Polonia-Italia 0-2: le pagelle

Pubblicato il 12 Novembre 2011 11:21 | Ultimo aggiornamento: 12 Novembre 2011 11:27

BRESLAVIA (POLONIA) – Pagelle degli azzurri.

BUFFON 6.5: un'uscita insicura, una bella parata a terra su Lewandoski. Nonostante la foga dei polacchi, la sua serata per 45' e' tutta qui. Poi quando sembra destinato a gelare nella notte di Breslavia, sfodera la parata sul rigore di Blasczcykowski che lo rende protagonista. ABATE 6: parte contratto sulla sua fascia, poi con i minuti vede che gli spazi ci sono e prova a buttarsi. Risultato, un paio di discese taglienti, ma i compagni lo accompagnano poco.

RANOCCHIA 6.5: grande sicurezza, ed e' dote preziosa di fronte a una Polonia che attacca a testa bassa e con inserimenti continui. E' perfino elegante, come quando al 15' anticipa in area Lewandoski. Provoca il rigore su Lewandoski, poi fallito, ma li' l'arbitro e' forse troppo severo.

CHIELLINI 6: Piu' approssimativo del compagno di difesa, spazza l'area e non sempre con precisione. Ma anche la sua prestanza fisica ha un senso, nella serata. CRISCITO 6: aggredisce subito la sua fascia, senza mai lasciarla sguarnita quando c'e' da ripiegare. Unico difetto, non chiude bene l'azione offensiva. Dal 31' st OGBONNA sv.

DE ROSSI 6: soffre inizialmente il pressing avversario, che lo blocca nella fase propositiva e nella circolazione di palla. Ma e' preziosissimo nelle chiusure, come poco prima del gol di Balotelli quando ne evita uno a Buffon anticipando Blaszczykowski sotto porta. Peccato per l'occasione sprecata, un ibrido tiro-cross tutto solo davanti alla porta. Dal 1' st PEPE 6: entra bene nel meccanismo, un po' ala un po' trequartista, e mette lo zampino nel raddoppio di Pazzini con un velo determinante.

PIRLO 6: palleggia di fino e giochicchia con gli avversari, aiutando l'Italia a uscire dall'angolo quando il pressing iniziale della Polonia e' tremendo. Poi la squadra mette fuori la testa, e lui avanza l'azione. Dal 1' st THIAGO MOTTA 6: perno centrale, ordine e corsa.

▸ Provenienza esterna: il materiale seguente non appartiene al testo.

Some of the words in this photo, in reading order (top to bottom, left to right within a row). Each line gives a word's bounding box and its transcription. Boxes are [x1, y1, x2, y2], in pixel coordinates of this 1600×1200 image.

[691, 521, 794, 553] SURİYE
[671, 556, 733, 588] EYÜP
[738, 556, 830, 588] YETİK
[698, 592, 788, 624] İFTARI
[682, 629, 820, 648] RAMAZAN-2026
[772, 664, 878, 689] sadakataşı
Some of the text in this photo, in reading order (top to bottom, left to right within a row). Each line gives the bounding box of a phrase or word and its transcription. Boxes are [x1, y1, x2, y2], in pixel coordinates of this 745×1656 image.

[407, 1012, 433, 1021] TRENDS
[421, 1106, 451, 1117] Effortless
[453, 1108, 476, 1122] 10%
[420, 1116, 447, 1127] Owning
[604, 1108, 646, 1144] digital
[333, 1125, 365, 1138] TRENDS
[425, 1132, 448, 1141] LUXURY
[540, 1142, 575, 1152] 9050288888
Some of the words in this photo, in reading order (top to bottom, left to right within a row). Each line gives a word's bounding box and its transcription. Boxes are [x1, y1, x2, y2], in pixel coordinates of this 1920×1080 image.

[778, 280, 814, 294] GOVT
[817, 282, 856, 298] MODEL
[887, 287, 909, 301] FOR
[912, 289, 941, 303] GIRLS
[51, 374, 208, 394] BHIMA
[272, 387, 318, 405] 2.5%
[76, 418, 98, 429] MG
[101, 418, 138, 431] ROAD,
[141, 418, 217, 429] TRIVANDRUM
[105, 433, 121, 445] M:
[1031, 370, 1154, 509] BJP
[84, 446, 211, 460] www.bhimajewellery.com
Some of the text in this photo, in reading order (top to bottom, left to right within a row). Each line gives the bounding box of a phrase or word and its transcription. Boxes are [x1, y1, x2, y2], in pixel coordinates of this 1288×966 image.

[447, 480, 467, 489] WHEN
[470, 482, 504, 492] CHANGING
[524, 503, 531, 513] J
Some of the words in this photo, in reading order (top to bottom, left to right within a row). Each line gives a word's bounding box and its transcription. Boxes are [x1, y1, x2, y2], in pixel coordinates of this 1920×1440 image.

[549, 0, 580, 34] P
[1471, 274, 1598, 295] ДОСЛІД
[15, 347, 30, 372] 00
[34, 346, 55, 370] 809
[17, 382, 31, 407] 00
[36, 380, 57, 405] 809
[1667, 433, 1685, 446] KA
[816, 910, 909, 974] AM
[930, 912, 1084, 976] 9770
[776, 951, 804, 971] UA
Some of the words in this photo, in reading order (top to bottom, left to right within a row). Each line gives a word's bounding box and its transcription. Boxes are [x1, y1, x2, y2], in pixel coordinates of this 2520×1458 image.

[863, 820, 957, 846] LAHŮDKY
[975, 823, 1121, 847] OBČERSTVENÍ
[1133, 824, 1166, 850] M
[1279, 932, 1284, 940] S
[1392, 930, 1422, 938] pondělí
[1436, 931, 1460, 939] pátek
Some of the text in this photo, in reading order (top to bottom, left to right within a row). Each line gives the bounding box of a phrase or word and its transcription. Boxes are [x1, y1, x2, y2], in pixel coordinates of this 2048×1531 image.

MARCHISIO 7: dinamico, preciso, efficace. Ruba il pallone che porta Balotelli al primo gol azzurro, poi per egoismo sul finire di tempo tiene per se' una palla gol da girare a De Rossi tutto solo. Ma e' ovunque, anche nella propria area a difendere. Dal 17' st NOCERINO sv. MONTOLIVO 6: parte in sordina, nascosto tra le pieghe di un centrocampo che e' schiacciato tra le manovre avversarie. Ma ha il merito di variare sempre fronte di gioco, cercando lo spazio piu' aperto e la giocata piu' semplice. Cresce nella ripresa, infilando anche un paio di assist. Dal 17' st AQUILANI sv.

BALOTELLI 7.5: non e' facile fare il Rossi o il Cassano, centrocampista aggiunto e poi punta che va nello spazio. Ma minuto dopo minuto costruisce una partita tutta sua, con un paio di giocate pregevoli – assist e dribbling – fino al gol: un pallonetto preciso e potente che lui fa sembrare facile facile. Meriterebbe anche il raddoppio e lo sfiora di testa in avvio di ripresa. E comunque nel secondo tempo la fa proprio da padrone assoluto PAZZINI 6.5: segna, ma spesso e' fuori dal sistema di gioco. Anche se fa sponda, allunga troppo la squadra. Una palla buona tra i piedi ce l'ha, su lancio di Montolivo, ma si fa anticipare sottoporta da Pequis. Poi mette il piede decisivo nel raddoppio con istinto micidiale, prima di uscire.

Dal 17' st MATRI sv.

ALL. PRANDELLI 6.5: la sua Italia passa anche in Polonia, nonostante le premesse negative con il doppio malanno Rossi- Cassano, che fin qui ne erano stati i personaggi chiave.

Il ct riconverte la squadra con una coppia di attaccanti alti, e Balotelli lo ripaga con una prestazione superlativa. Quello che pero' sul piano tecnico-tattico va piu' a merito di Prandelli e' la mantenuta ricerca di un gioco palla a terra, ragionato. Il risultato lo premia, e tutto sommato anche lo spettacolo.